Materials and Methods

Materials

Compounds: TIZ was provided by Romark (Tampa, Florida USA). Working stocks of TIZ dissolved in DMSO were prepared and stored at -80°C until used.

Cell cultures: Madin-Darby Canine Kidney (MDCK) cells were passaged in flasks and seeded in 96-well plates. Before inoculation, cells were cultured in MDCK medium and after inoculation in infection medium containing N-tosyl-L-Phenylalanyl Chloromethyl Ketone (TPCK)-treated trypsin (3 μg/mL; Sigma, T1426).

Methods

Measurement of ATP: ATP measurements were performed using the CellTiter-Glo Luminescent Cell Viability Assay (Promega, Madison, Wisconsin USA) according to the manufacturer’s instructions, with the exception that cell culture medium was aspirated prior to adding 100 μL of ATP reagent per well. Opaque walled 96-well plates were used.

Measurement of dehydrogenase activity: Dehydrogenase activity was measured using the Cell Counting Kit-8 (Sigma-Aldrich). Twenty-μL WST-8 reagent was added to each well of 96-well plates already containing 200 μL cell culture medium per well and incubated for 1-2 hours at 37°C. After incubation, absorbance was measured at 450 nm.
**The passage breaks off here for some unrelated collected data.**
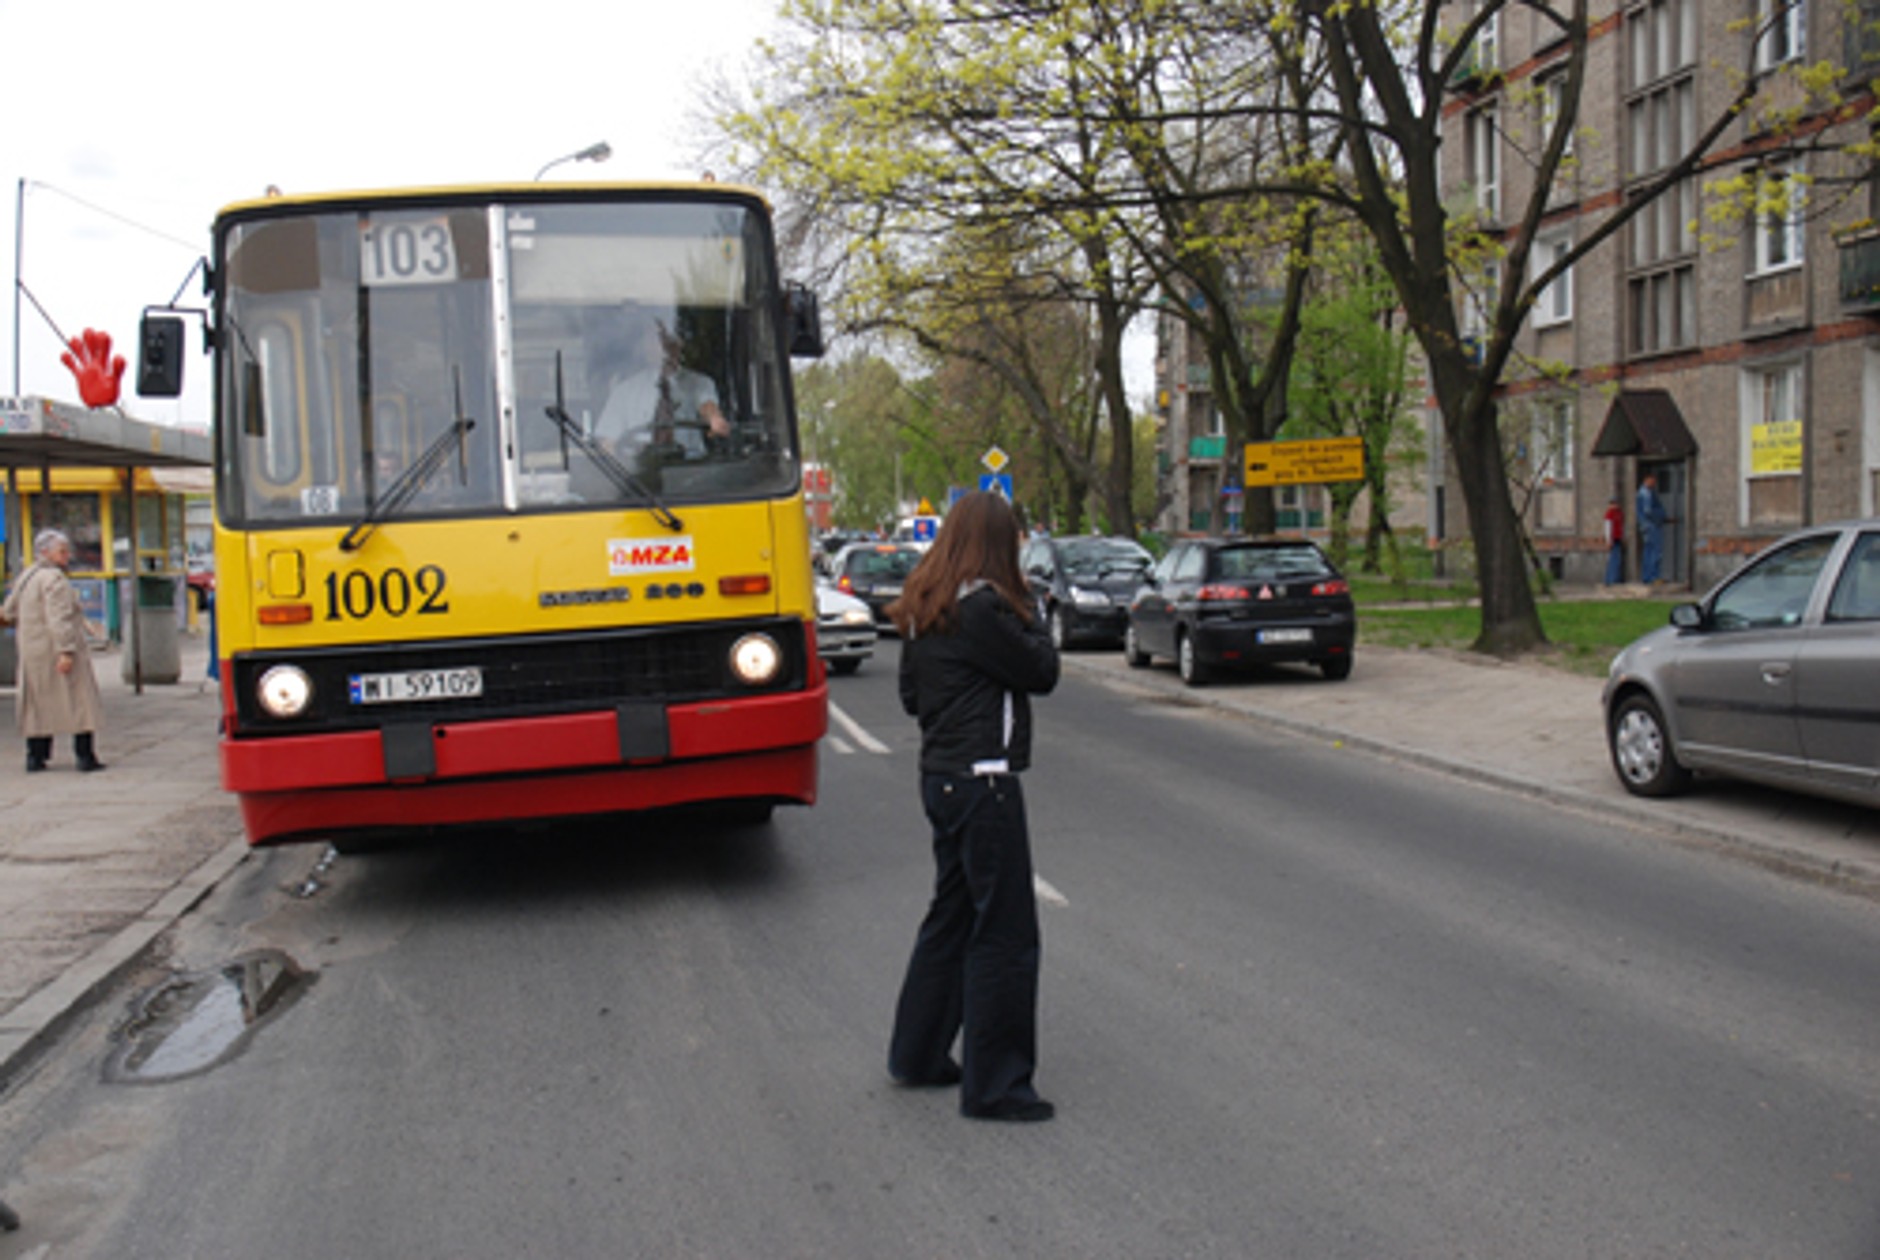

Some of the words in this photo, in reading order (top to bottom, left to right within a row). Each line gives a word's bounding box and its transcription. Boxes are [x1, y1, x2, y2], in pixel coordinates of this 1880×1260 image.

[365, 223, 450, 279] 103
[631, 543, 690, 565] MZA
[324, 563, 449, 621] 1002
[405, 671, 479, 697] 59109
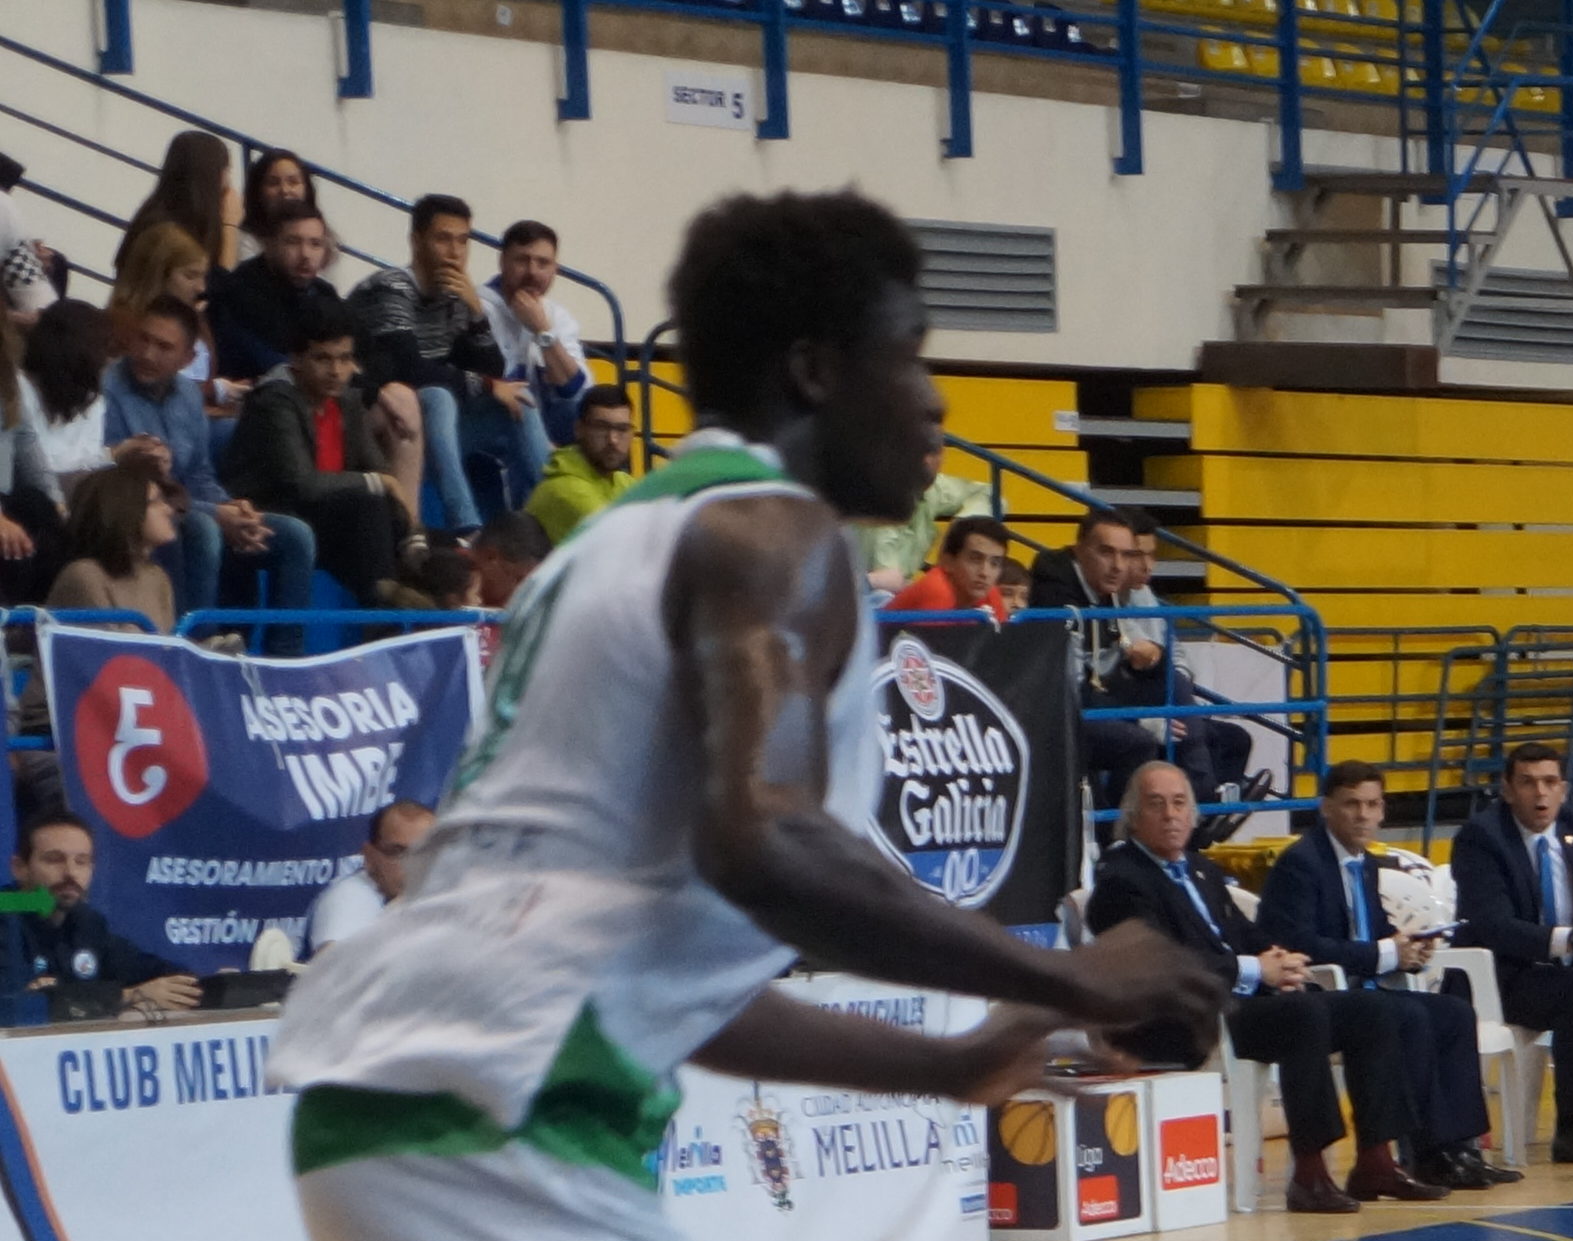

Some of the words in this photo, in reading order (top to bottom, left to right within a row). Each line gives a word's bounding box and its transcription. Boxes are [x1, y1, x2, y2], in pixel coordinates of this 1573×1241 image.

Experiments in uninfected MDCK cells: Multiple identical plates with MDCK cells were prepared. Cellular ATP levels and dehydrogenase activity were measured after 6 and 24 hours of exposure to various TIZ concentrations (0 to 100 μM). Plasma concentrations of up to 30 μM to 40 μM are relevant for human exposure. Nuclei of MDCK cells were stained with DAPI (Life technologies) after treatment with TIZ for 6 or 24 hours. Images were taken using a CTL ImmunoSpot S6 Analyzer and in a representative area of the well, the cell nuclei were quantified using Immunospot software. Using identical replicate plates, the compound was removed; cells were incubated again in fresh cell culture medium (without TIZ) for 24 hours after which cell nuclei were quantified again.
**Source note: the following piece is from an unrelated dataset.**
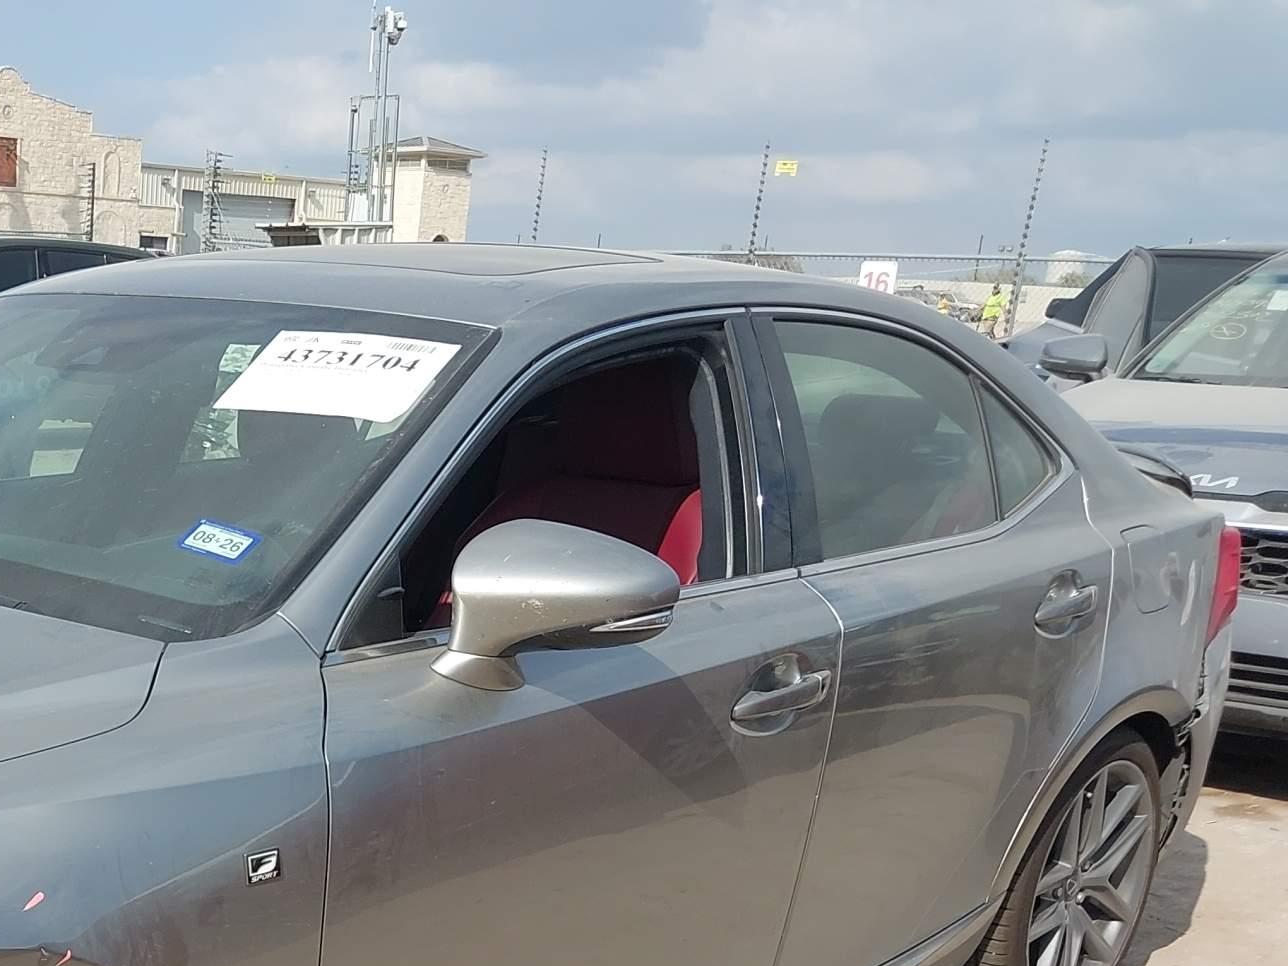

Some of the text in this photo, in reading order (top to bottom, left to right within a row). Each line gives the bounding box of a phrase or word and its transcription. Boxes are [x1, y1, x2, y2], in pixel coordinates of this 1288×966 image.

[863, 271, 890, 292] 16
[277, 348, 420, 372] 43731704
[250, 870, 279, 883] SPORT
Experiments in influenza virus-infected MDCK cells: Multiple identical 96-well plates with MDCK cells were (mock) infected with two influenza A and two influenza B strains for one hour at low and high MOI. After this period, the inoculum was aspirated and replaced by medium containing various TIZ concentrations (0, 10, 30, 100 μM). The cell cultures were incubated for an additional five hours (single cycle infection, high MOI) or 23 hours (multi- cycle infection, low MOI) after which cellular ATP levels were determined. In addition, cells were immunostained for influenza (for influenza A: HB65, EVL; for influenza B: MAB8661, Millipore). Images were taken using a CTL ImmunoSpot S6 Analyzer and the percentage Well Area Covered (WAC) by influenza-positive cells was quantified using Immunospot software. The virus input was checked by back titration.

Results

Uninfected MDCK cells

Figure 1 presents cellular ATP levels and dehydrogenase activity for uninfected MDCK cells after 6 hours (A) and after 24 hours (B) exposure to TIZ at concentrations ranging from 0 μM to 100 μM. At six hours post-TIZ treatment, a concentration-dependent decrease of cellular ATP levels was observed, starting at 12.5 μM TIZ and higher with a maximum ATP decrease of 45% at 100 μM TIZ (Figure 1A). After 24 hours of treatment with TIZ, the maximum reduction was similar (44% at 100 μM); however, reduction of ATP was observed at lower concentrations of TIZ (6.25 μM) as compared to 6 hours (Figure 1B).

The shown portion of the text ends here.